> _Dataset excerpts_:
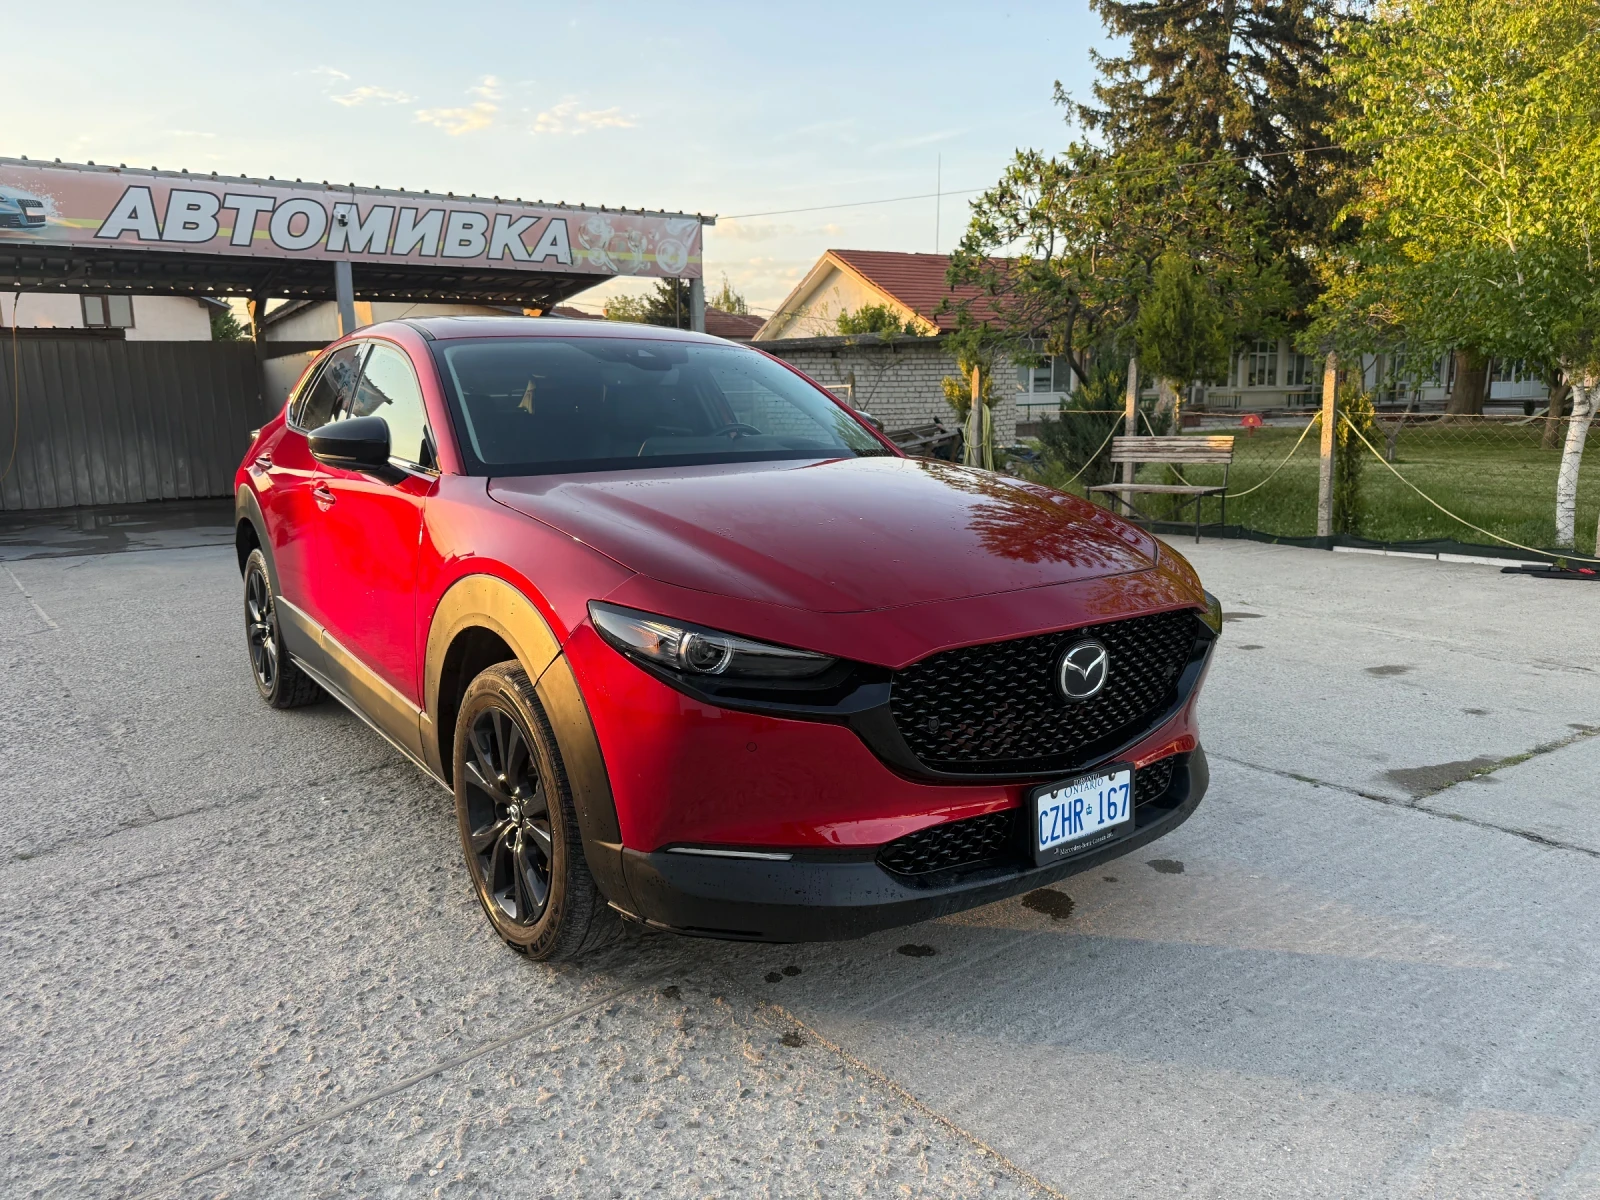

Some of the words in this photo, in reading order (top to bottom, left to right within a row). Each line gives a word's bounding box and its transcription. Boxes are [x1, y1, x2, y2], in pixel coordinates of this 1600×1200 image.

[95, 186, 573, 265] АВТОМИВКА
[1040, 798, 1084, 845] CZHR
[1098, 783, 1129, 824] 167
[1064, 778, 1103, 798] ONTARIO

> _Directions for this task_:
Where an image appears in the data, skip it, and return the rest verbatim.

> _Completed task_:
Some of the words in this photo, in reading order (top to bottom, left to right within a row). Each line gives a word's bounding box and its transcription. Boxes are [x1, y1, x2, y2], in pixel coordinates of this 1600×1200 image.

[95, 186, 573, 265] АВТОМИВКА
[1040, 798, 1084, 845] CZHR
[1098, 783, 1129, 824] 167
[1064, 778, 1103, 798] ONTARIO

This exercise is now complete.